Quella legge infatti, con il comma 20, delega lo sdoganamento dell’adozione gay e dell’utero in affitto alla magistratura, che puntualmente esegue. Non si contano ormai le sentenze che riconoscono a posteriori atti di nascita fatti all’estero, in cui il padre o la madre non esistono, e i bimbi risultano figli di una coppia dello stesso sesso; o sentenze che applicano la cosiddetta stepchild adoption, formalmente stralciata dal testo sulle unioni civili. Ma in questo caso c’è di più. Qui non si tratta solo del commercio di parti del corpo femminile, gravidanze in affitto, bambini prenotati e commissionati in cambio di denaro: si tratta di pazzesche sperimentazioni sulla filiazione e la parentela. Perché i due uomini hanno evidentemente voluto fare “come se” si trattasse di una nascita naturale, e per questo hanno inventato, e purtroppo messo in atto, una formula di parentela innovativa.
Nella sentenza i due bimbi vengono definiti “gemelli”. Eppure gemelli non sono, e non si sa bene come definirli. Sono in realtà fratelli per parte di madri (al plurale, visto che sono state assoldate due donne per la maternità) e nulla, ma proprio nulla, per parte dei padri (anche questi al plurale, visto che ciascuno dei due fratellini è figlio biologico di uno dei due partner). Perché questo incrocio complicato? Perché la coppia gay voleva che ci fosse un legame di sangue tra loro e i bambini, ma anche tra i due bambini, come accade nella filiazione naturale, in cui i figli di una coppia sono fratelli. Questo, però, non è possibile con due papà diversi.
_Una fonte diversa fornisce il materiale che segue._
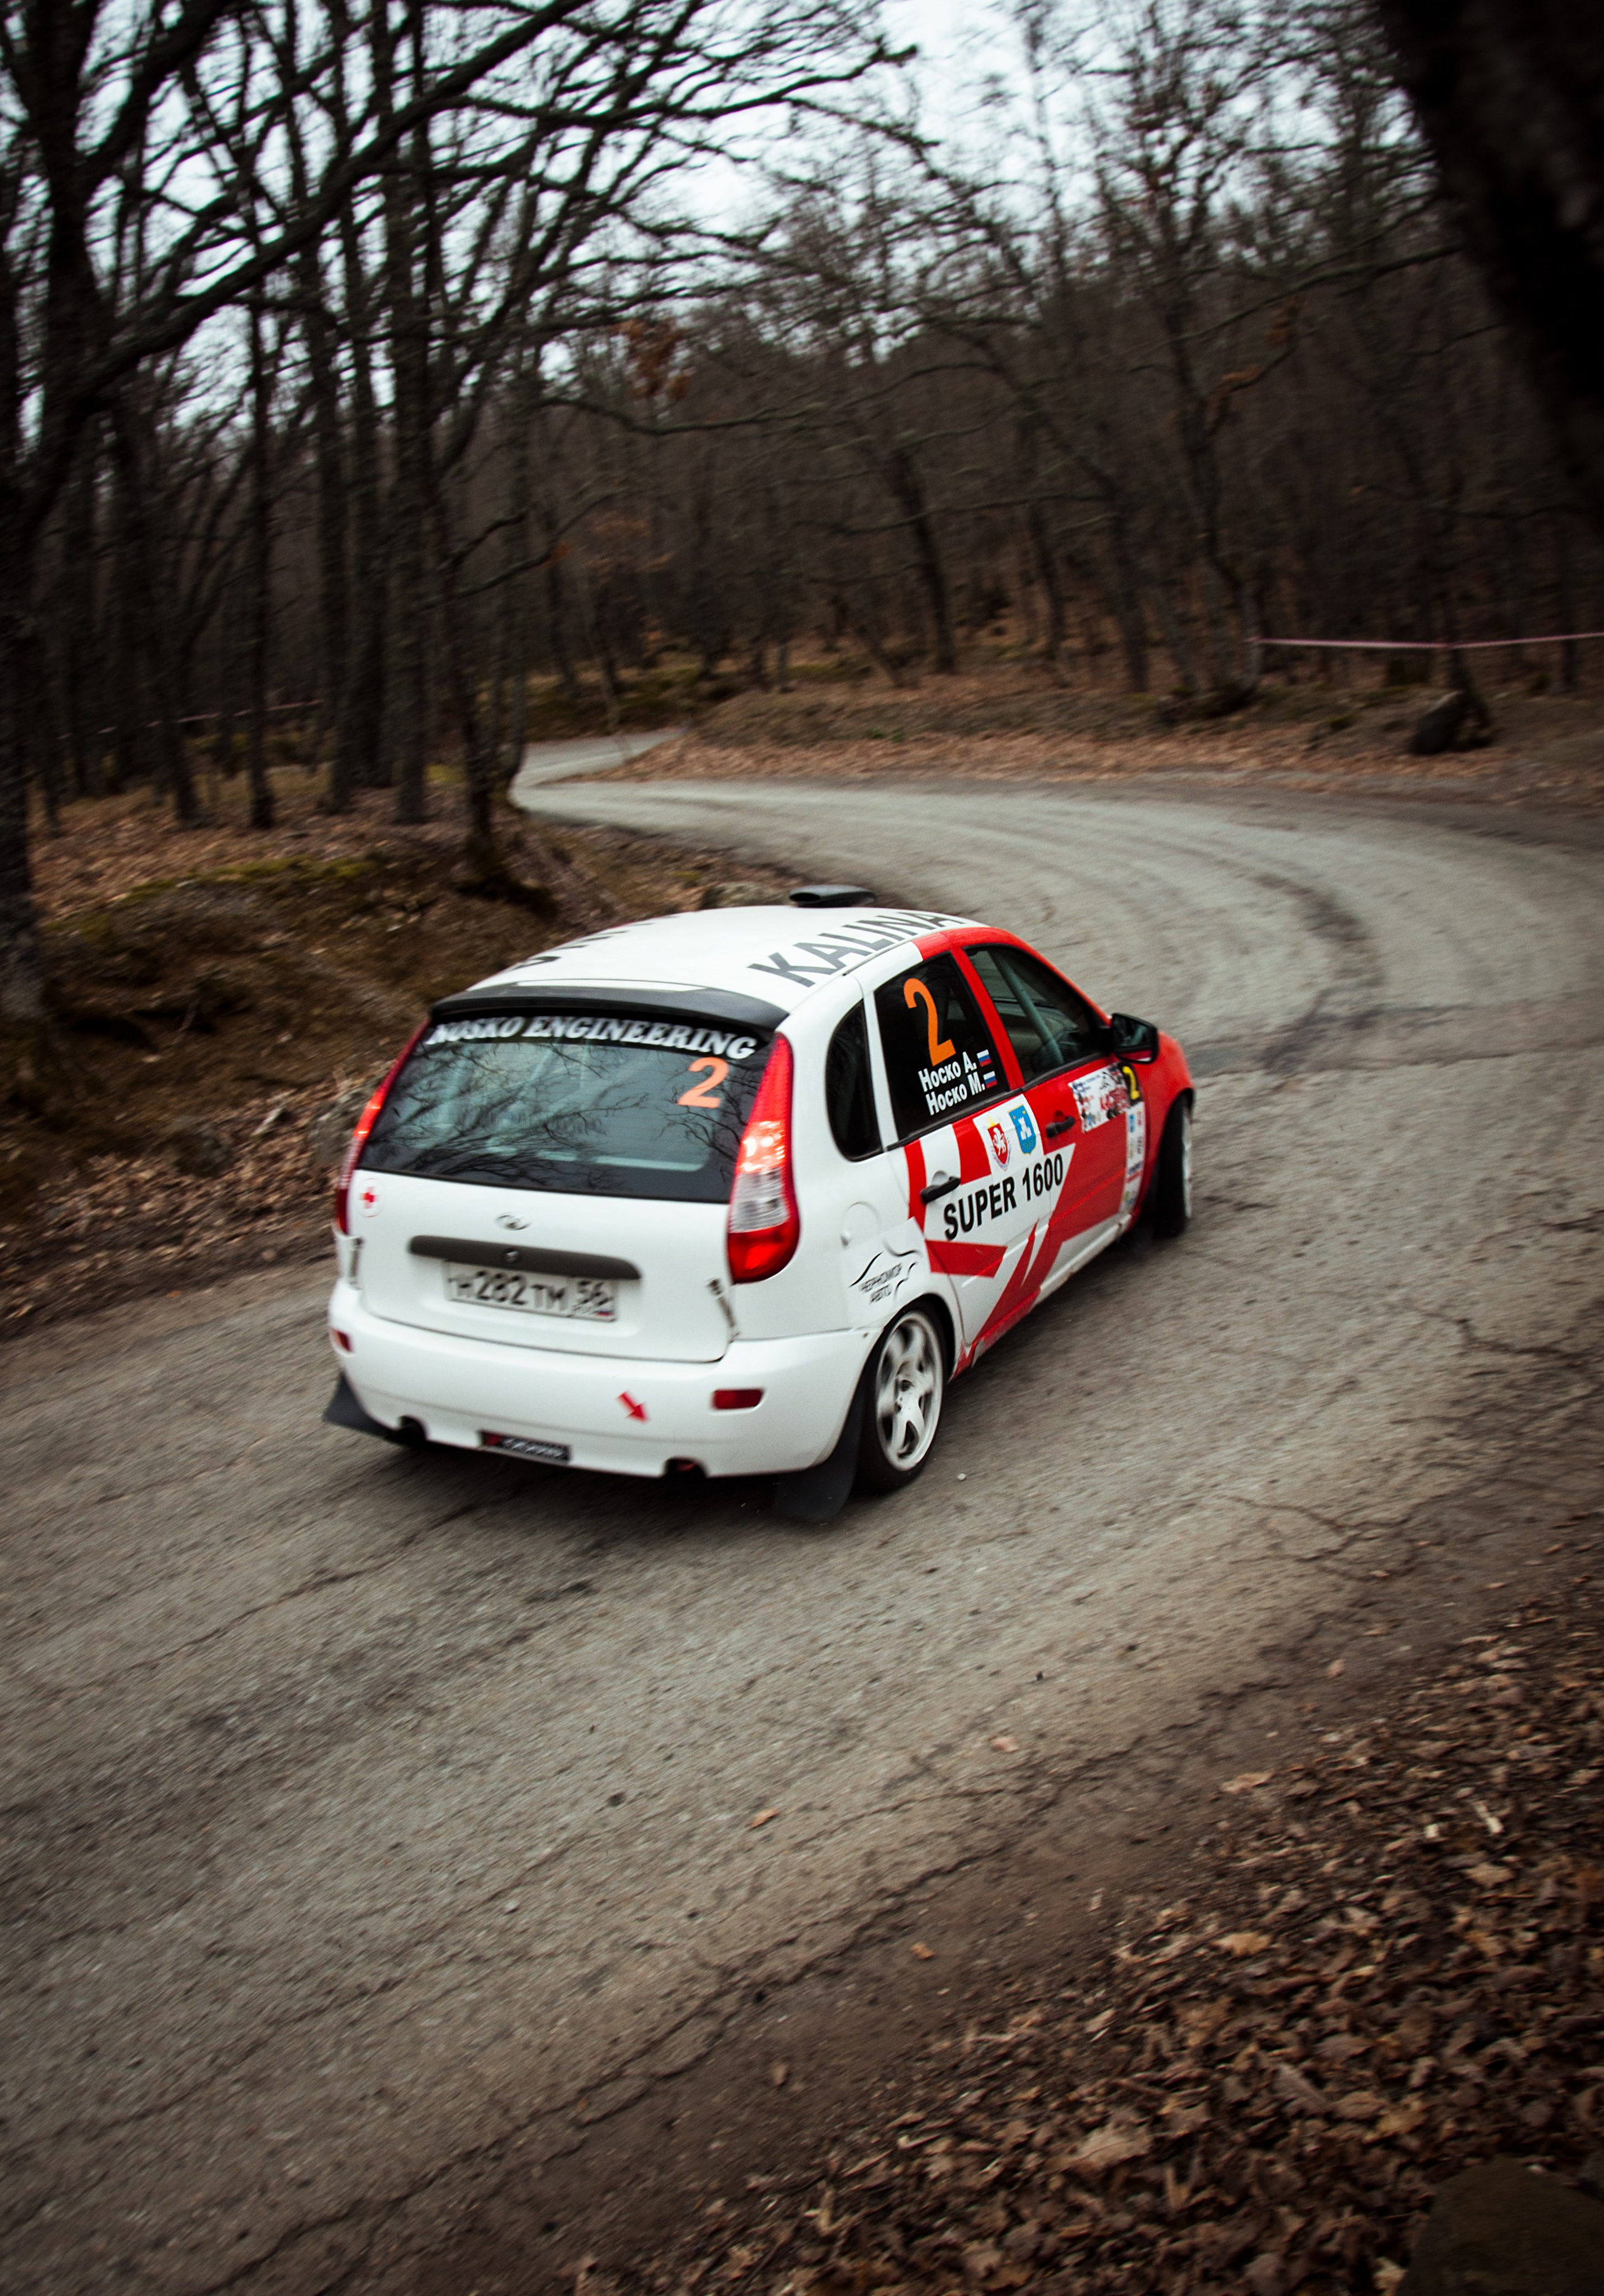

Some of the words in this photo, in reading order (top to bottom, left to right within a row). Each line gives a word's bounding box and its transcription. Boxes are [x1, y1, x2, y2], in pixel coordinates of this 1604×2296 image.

E allora hanno garantito che il rapporto fraterno si realizzasse attraverso le madri, scegliendo una stessa “donatrice” di ovociti, e una stessa donna per la gestazione e il parto di entrambi i bimbi.
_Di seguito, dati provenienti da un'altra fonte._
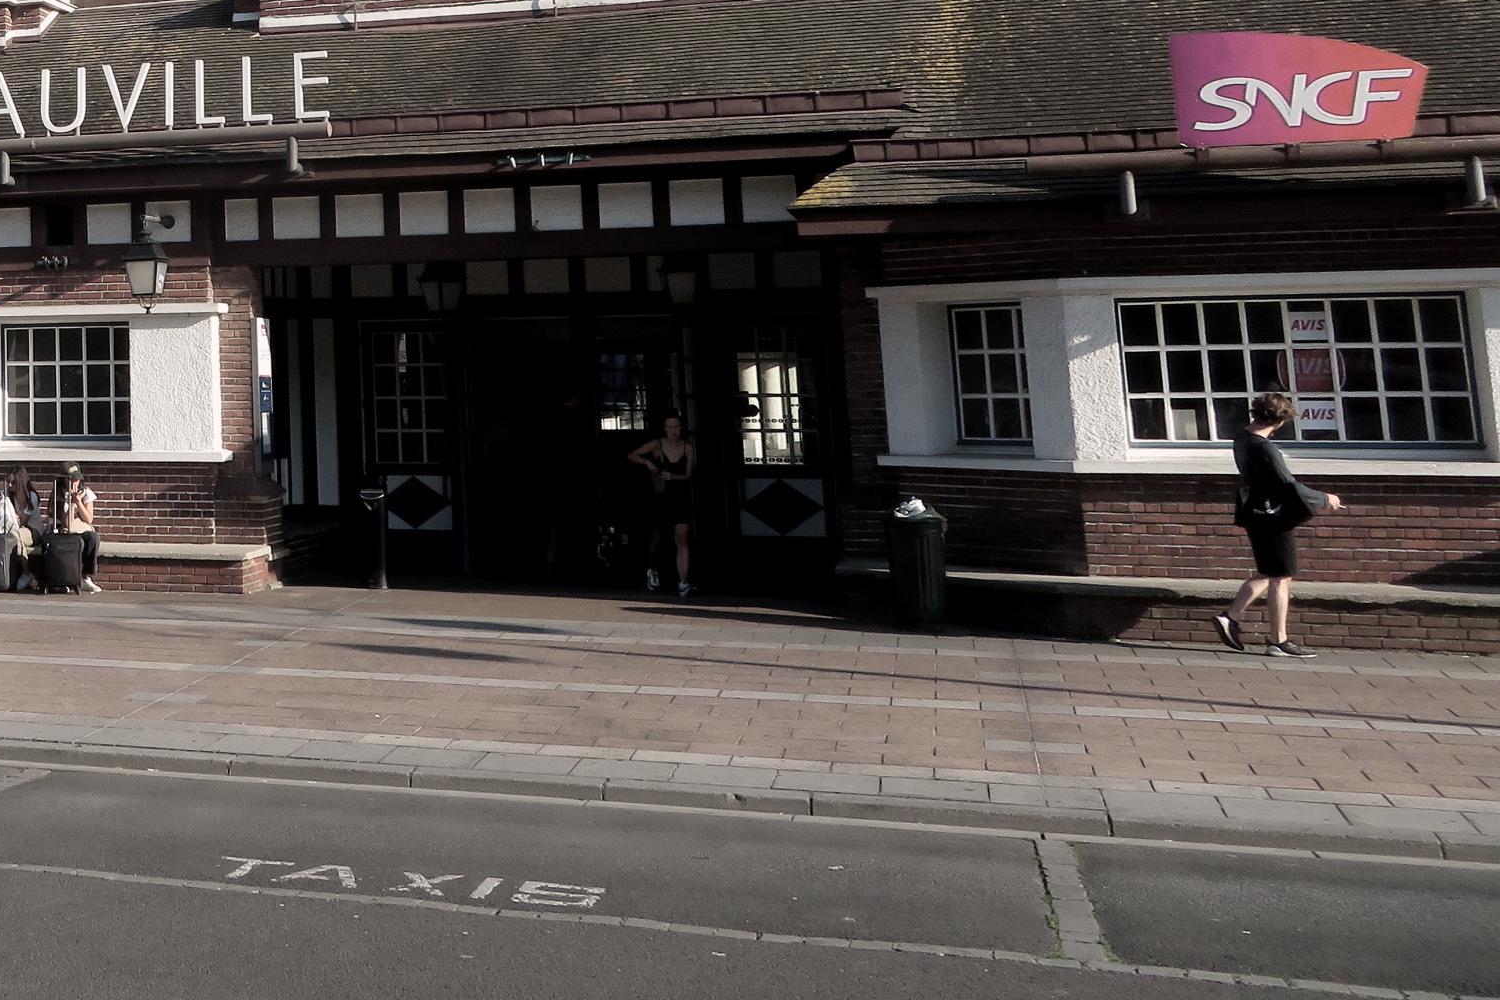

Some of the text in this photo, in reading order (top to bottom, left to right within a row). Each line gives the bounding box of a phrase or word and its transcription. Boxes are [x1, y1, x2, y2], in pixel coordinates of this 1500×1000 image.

[1193, 68, 1413, 132] SNCF
[1291, 319, 1326, 331] AVIS
[1301, 408, 1337, 420] AVIS
[220, 855, 607, 909] TAXIS
E’ difficile persino dare un nome ai rapporti di parentela così assemblati; l’unica cosa certa – e orribile – è che le donne continuano ad essere usate come corpi in vendita, i bambini come oggetti sul mercato, e la fecondazione artificiale come un modo per soddisfare i propri desideri di genitorialità senza rispetto per gli altri esseri umani coinvolti. La magistratura ha scelto di chiudere gli occhi su tutta la faccenda, tra cui la sparizione delle madri sia dalla vita dei bimbi sia dall’atto di nascita – in cui non compaiono – in nome dell’abusato concetto di “bene superiore del minore”, concetto che troppo spesso serve a coprire qualunque nefandezza sulle modalità del concepimento e della nascita.
Anzi, i giudici fanno di più: pur di far passare in qualche modo come normale l’assurdità di questa parentela e della sentenza che la legittima, fanno ricorso a una spiegazione parascientifica, affermando che “la comunità scientifica ha registrato vari casi, sia pure pochissimi al mondo, di gemelli nati da ovuli della stessa madre, fecondati con lo sperma di uomini diversi”.
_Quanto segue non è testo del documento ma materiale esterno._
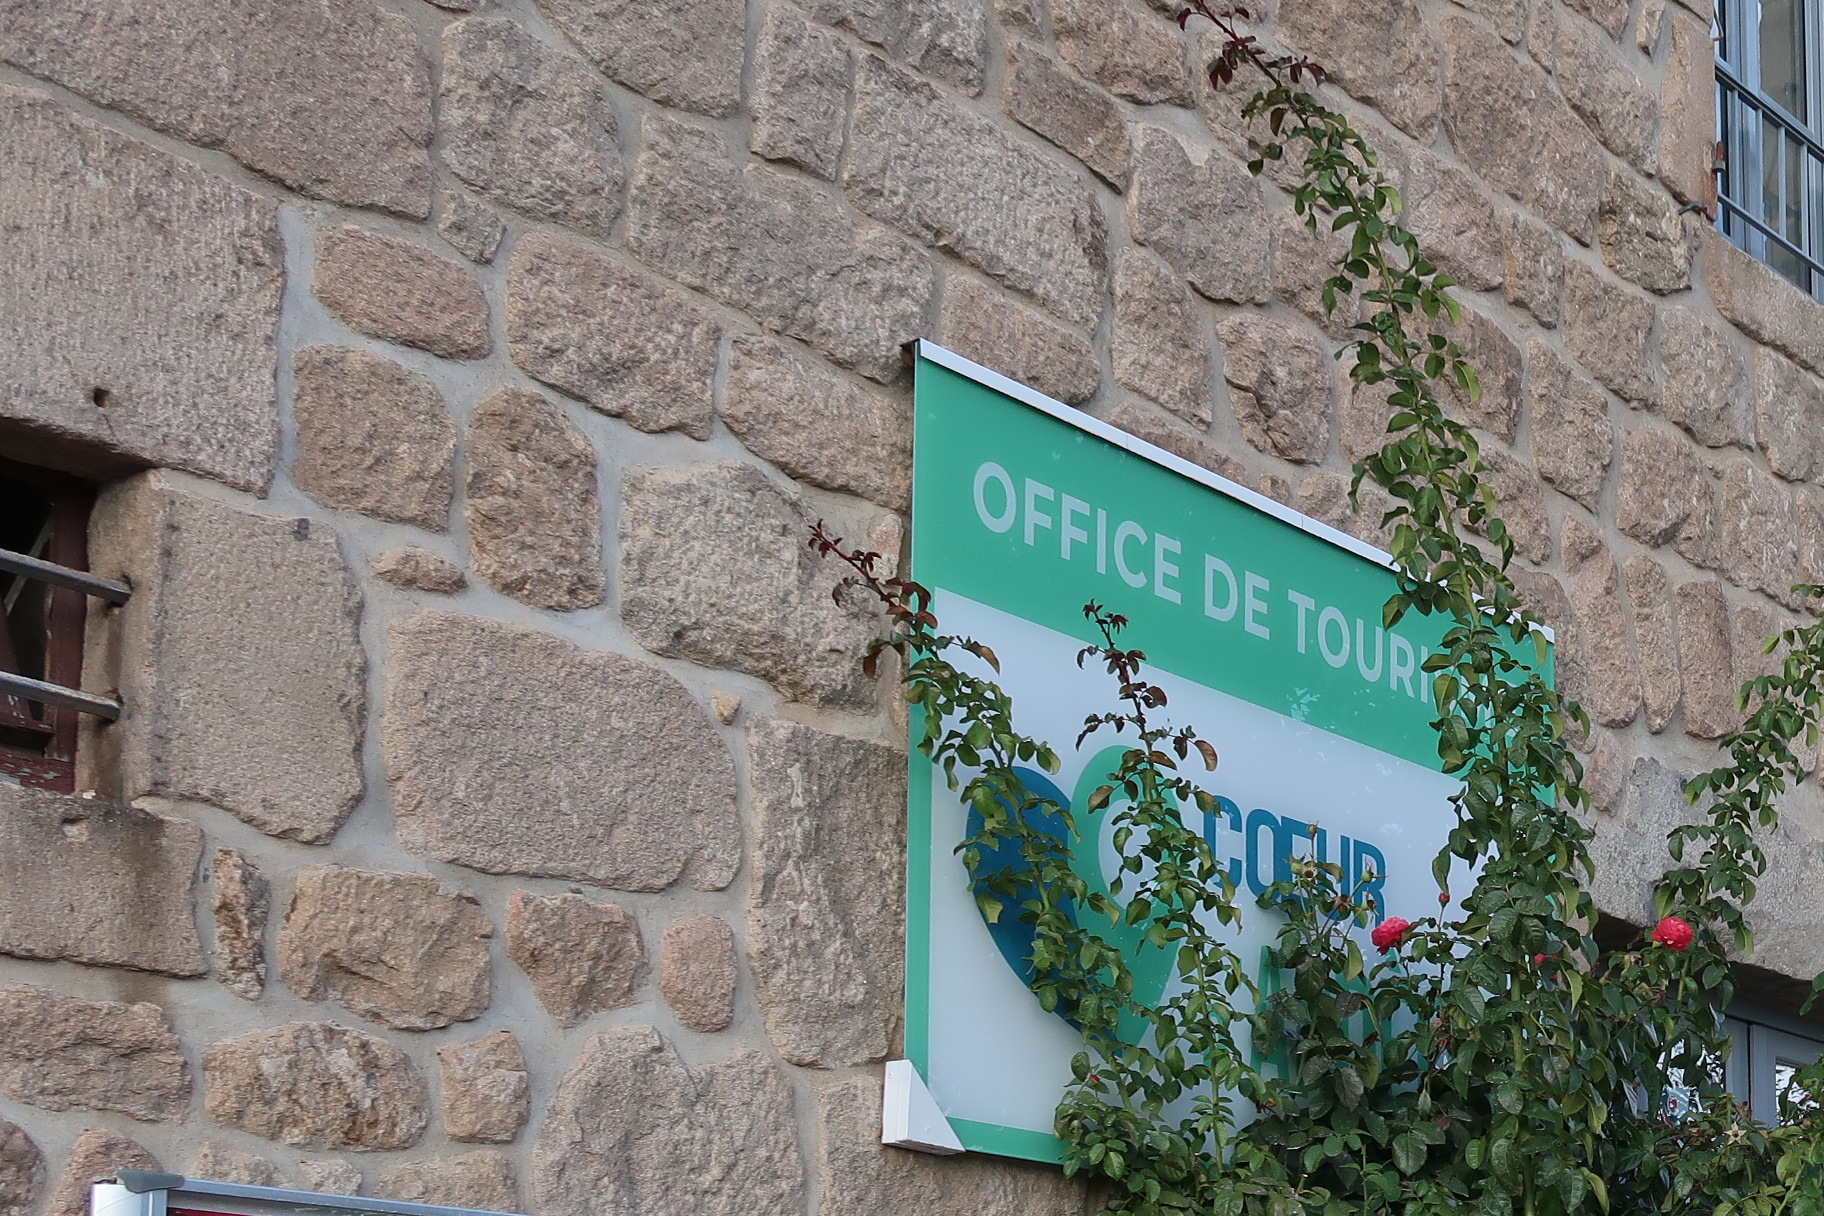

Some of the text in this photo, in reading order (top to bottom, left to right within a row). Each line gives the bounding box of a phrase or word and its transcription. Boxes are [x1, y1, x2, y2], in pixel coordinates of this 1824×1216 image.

[973, 462, 1495, 728] OFFICE DE TOURI
Si dice che sono gemelli, e che la parentela è data, sia pure in forma anomala, grazie al seme paterno, per non dire, più semplicemente, che sono fratelli, cioè geneticamente legati alla stessa mamma. Ma questo i giudici non potevano dirlo, altrimenti avrebbero dovuto nominare le madri, che invece devono essere negate e cancellate. E così si ricorre persino ai rarissimi casi di ovuli della stessa donna fecondati da seme diverso. Insomma, l’eccezione che si può produrre in natura serve a mascherare la follia di una sperimentazione “in vivo”, frutto soltanto dei desideri di due persone, abbastanza ricche, e abbastanza spregiudicate, da comprare la realizzazione di quei desideri.